**The problem**
Omit every picture while repeating the entries exactly.

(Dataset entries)

..........

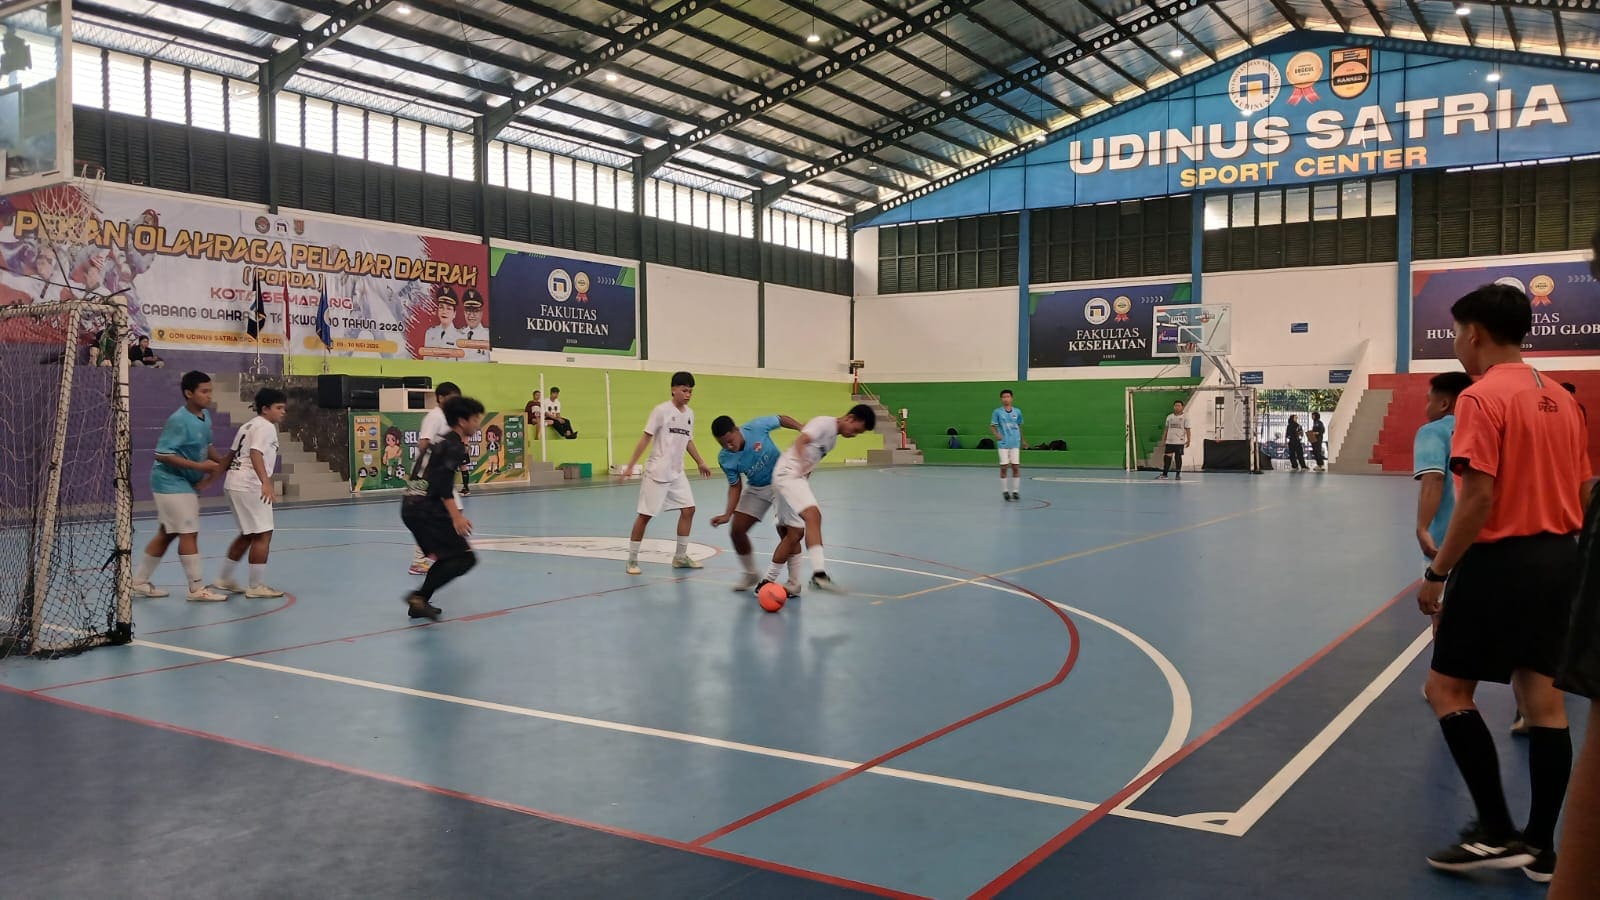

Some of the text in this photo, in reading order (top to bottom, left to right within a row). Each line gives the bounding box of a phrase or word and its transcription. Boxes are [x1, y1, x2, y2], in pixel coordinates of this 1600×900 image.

[1069, 84, 1568, 174] UDINUS SATRIA
[1180, 146, 1428, 188] SPORT CENTER
[133, 224, 288, 268] OLAHRAGA
[290, 243, 392, 280] PELAJAR
[394, 256, 478, 287] DAERAH
[262, 290, 353, 310] SEMARNG
[142, 303, 197, 319] CABANG
[342, 318, 377, 330] TAHUN
[379, 322, 404, 332] 2026
[540, 304, 597, 321] FAKULTAS
[526, 317, 609, 336] KEDOKTERAN
[1076, 327, 1140, 340] FAKULTAS
[1068, 338, 1147, 351] KESEHATAN
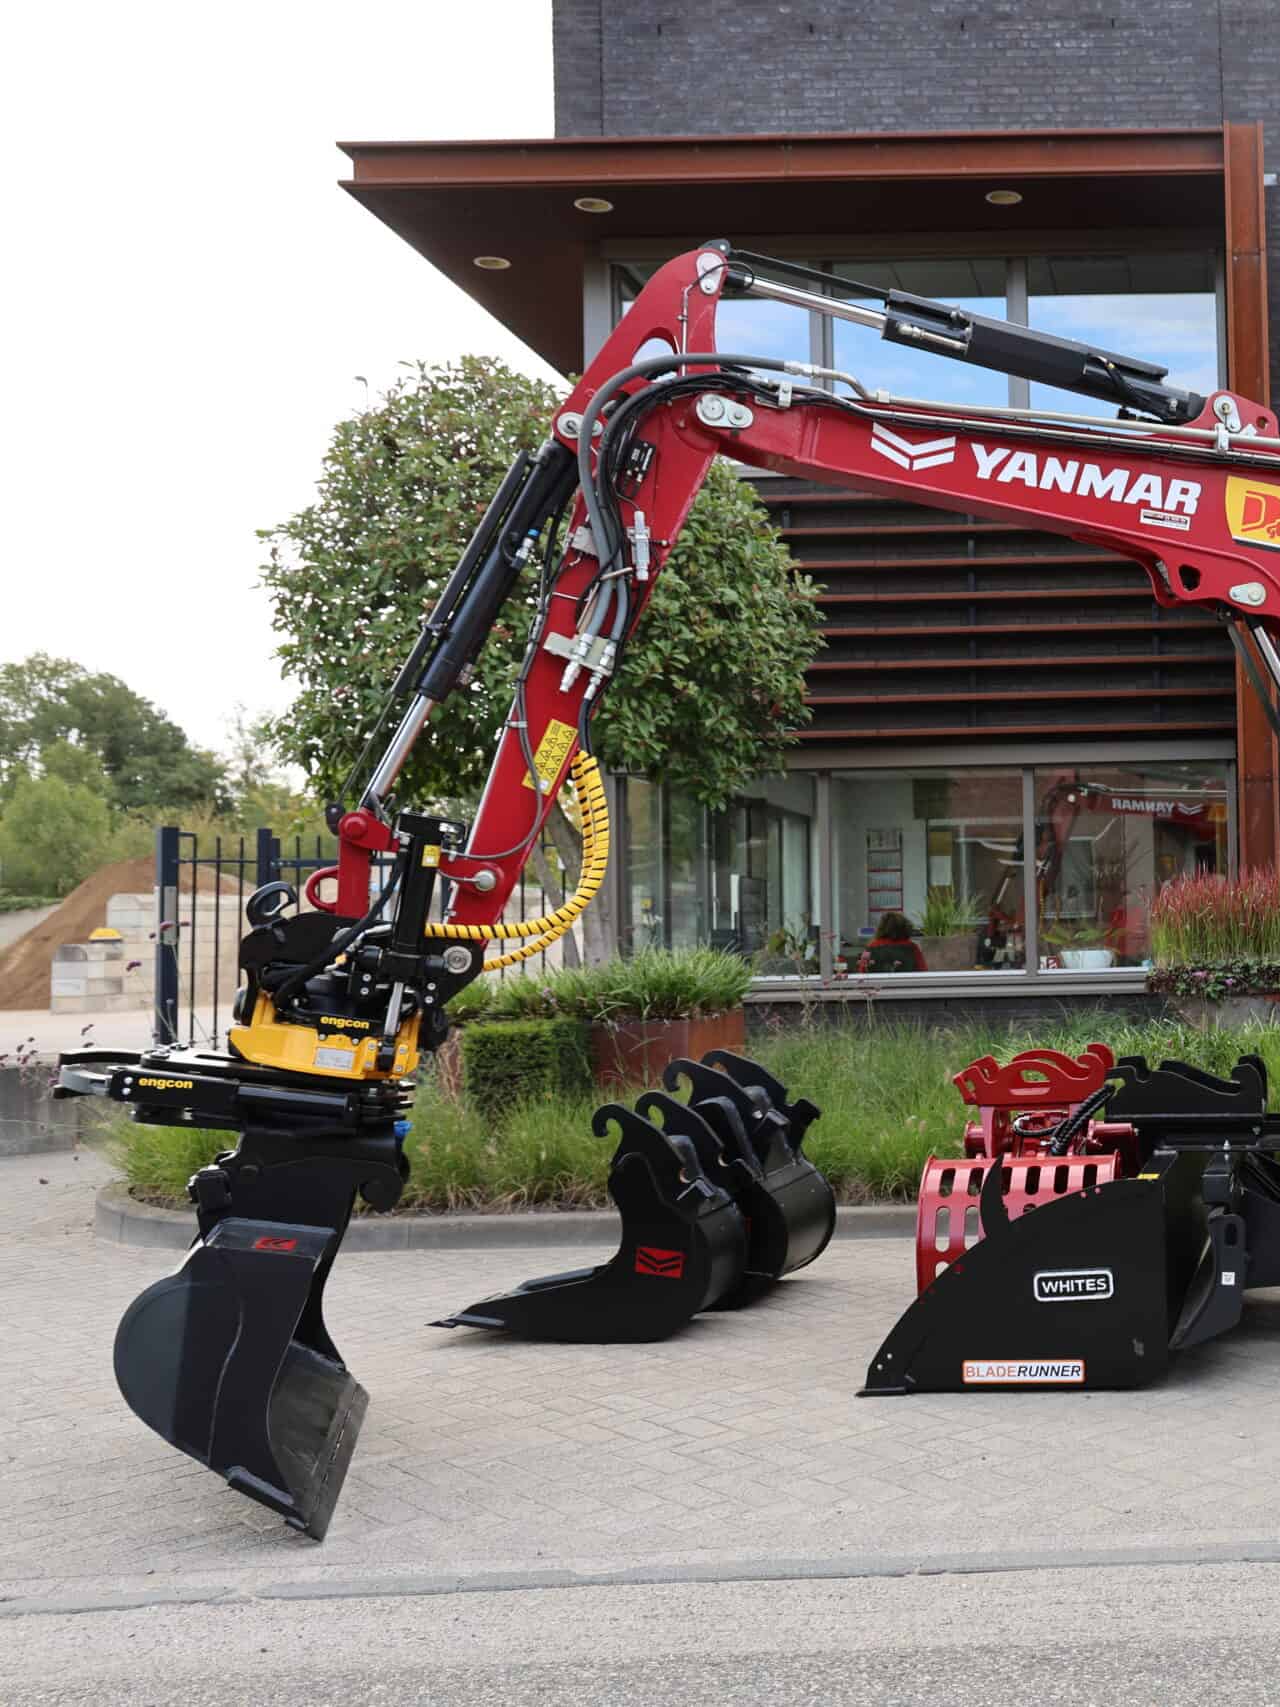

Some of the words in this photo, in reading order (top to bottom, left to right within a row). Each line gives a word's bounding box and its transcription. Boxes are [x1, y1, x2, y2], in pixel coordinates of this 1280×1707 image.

[970, 442, 1202, 515] YANMAR
[320, 1016, 370, 1029] engcon
[138, 1077, 193, 1090] engcon
[1041, 1278, 1107, 1294] WHITES
[965, 1365, 1081, 1378] BLADERUNNER
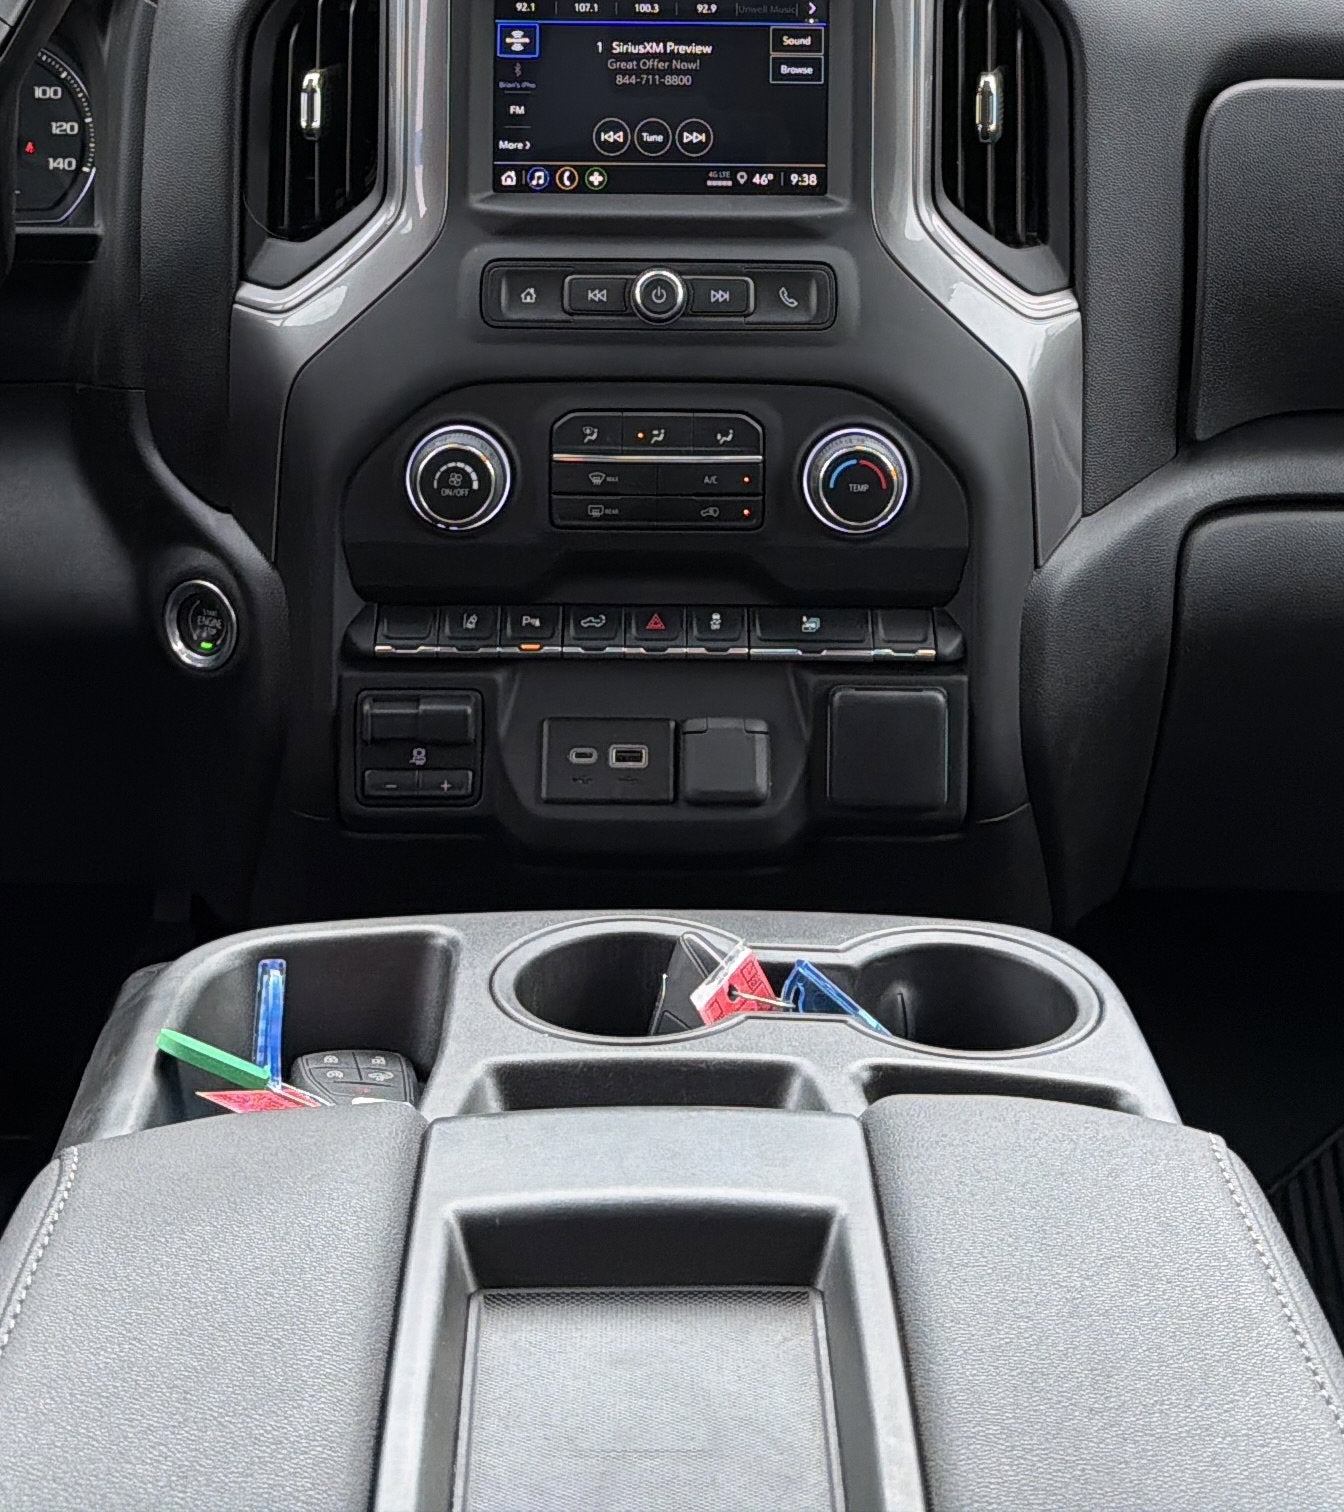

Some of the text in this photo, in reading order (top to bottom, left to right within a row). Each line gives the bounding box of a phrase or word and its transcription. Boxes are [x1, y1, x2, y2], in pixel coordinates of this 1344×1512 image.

..........

**Response to the exercise**
Some of the text in this photo, in reading order (top to bottom, left to right within a row). Each line gives the bounding box of a phrase or word and its transcription. Boxes are [x1, y1, x2, y2], in pixel coordinates of this 1600×900 image.

[1069, 84, 1568, 174] UDINUS SATRIA
[1180, 146, 1428, 188] SPORT CENTER
[133, 224, 288, 268] OLAHRAGA
[290, 243, 392, 280] PELAJAR
[394, 256, 478, 287] DAERAH
[262, 290, 353, 310] SEMARNG
[142, 303, 197, 319] CABANG
[342, 318, 377, 330] TAHUN
[379, 322, 404, 332] 2026
[540, 304, 597, 321] FAKULTAS
[526, 317, 609, 336] KEDOKTERAN
[1076, 327, 1140, 340] FAKULTAS
[1068, 338, 1147, 351] KESEHATAN

Some of the words in this photo, in reading order (top to bottom, left to right within a row). Each line gives a word's bounding box and its transcription. Boxes are [x1, y1, x2, y2], in pixel coordinates of this 1280×1707 image.

[970, 442, 1202, 515] YANMAR
[320, 1016, 370, 1029] engcon
[138, 1077, 193, 1090] engcon
[1041, 1278, 1107, 1294] WHITES
[965, 1365, 1081, 1378] BLADERUNNER

Some of the text in this photo, in reading order (top to bottom, left to right within a row). Each line gives the bounding box of a phrase or word and its transcription. Boxes are [x1, y1, x2, y2], in pixel coordinates of this 1344×1512 image.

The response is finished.